Beitrag von rstoll »

Erlaubt einem mathematisch-technisch etwas Unterbelichteten (zwar Mathe und Physik-LK damals vor Urzeiten gehabt, aber der Erosion der fortgeschrittenen Zeit quasi gänzlich zum Opfer gefallen) die Bitte um grundsätzliche Erklärung, bitte aber auf Schulanfängerniveau ;-).

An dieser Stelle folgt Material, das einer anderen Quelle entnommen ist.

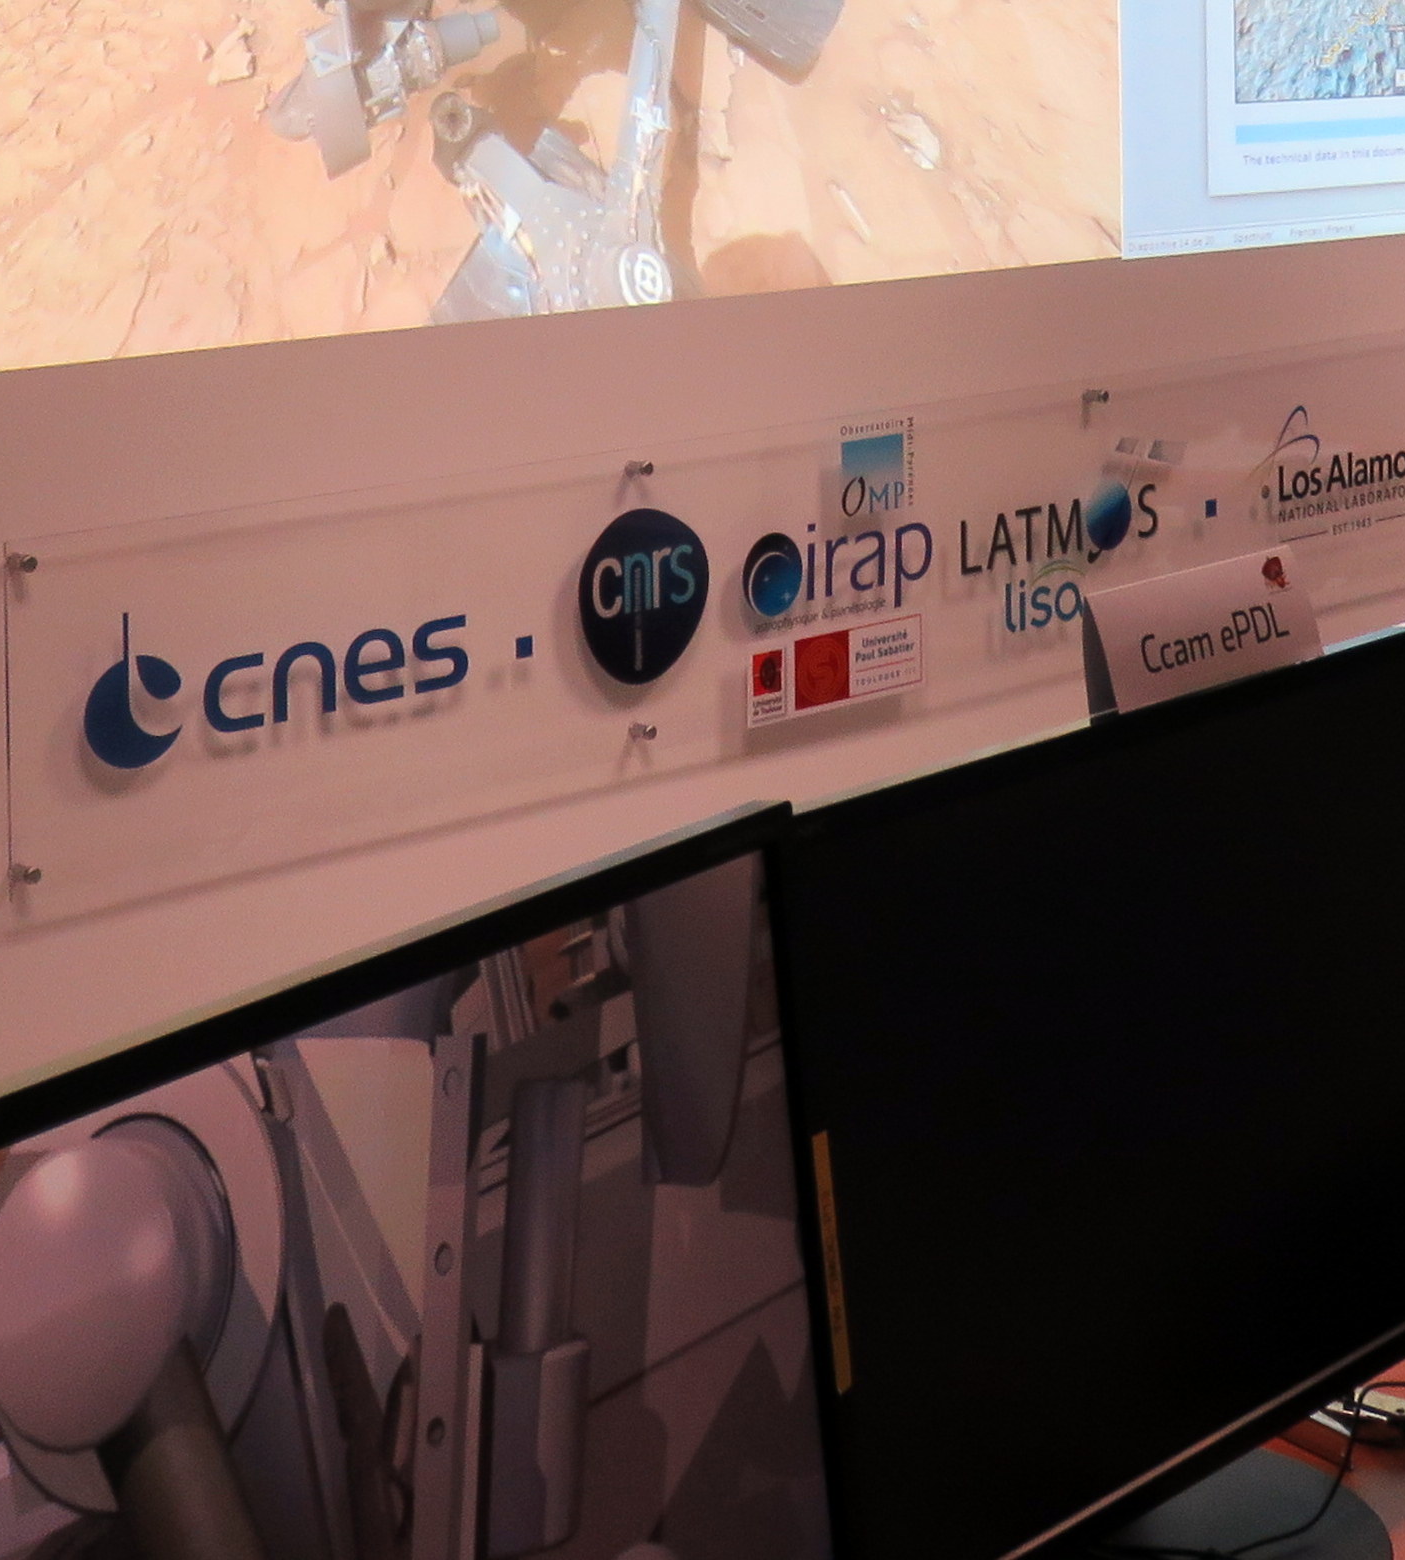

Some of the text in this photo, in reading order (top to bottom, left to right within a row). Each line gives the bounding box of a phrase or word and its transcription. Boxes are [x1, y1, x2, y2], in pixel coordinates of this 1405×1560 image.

[1314, 149, 1337, 161] data
[840, 419, 904, 436] Observatoire
[842, 476, 905, 517] OMP
[1277, 462, 1322, 502] Los
[1277, 498, 1341, 524] NATIONAL
[592, 543, 695, 619] cnrs
[805, 522, 933, 609] irap
[753, 604, 819, 635] astrophysique
[1003, 580, 1084, 634] lisa
[855, 640, 915, 663] Paul Sabatier
[861, 630, 908, 648] Université
[1141, 602, 1291, 674] Ccam ePDL
[203, 614, 470, 733] cnes
[752, 695, 783, 709] Université
[761, 704, 783, 715] Toulouse

Ich werf einfach mal so ein paar unqualifizierte Gedankenfetzen in den Raum des www

Nach meiner Vorstellung lässt sich über die Fläche unter der Auszugskurve die grundsätzlich in den Bogen eingebrachte Energie "ermitteln" Das sollte über die kleinen Messchritte (alle 2 mm ein Messpunkt) hinreichend genau machbar sein. Aber wie geht es dann weiter? Wie arbeiten die Modelle?

Könnte mir vorstellen:
- Beschleunigung (Pfeilmasse, Form der Energieübertragung Bogen auf Pfeil: vereinfacht linear oder anders?)
- Durchbiegung (Trägheit, Masseverteilung)
- Lage der Schwingungsknoten ??????
- weiteres ...
- weiteres ...

Ziele:
- Sicherstellung eines Abstands zwischen Pfeilschaft und Pfeilanlage/Button nach der ersten Halbschwingung?
- Abstand so klein als möglich oder egal, Hauptsache Abstand?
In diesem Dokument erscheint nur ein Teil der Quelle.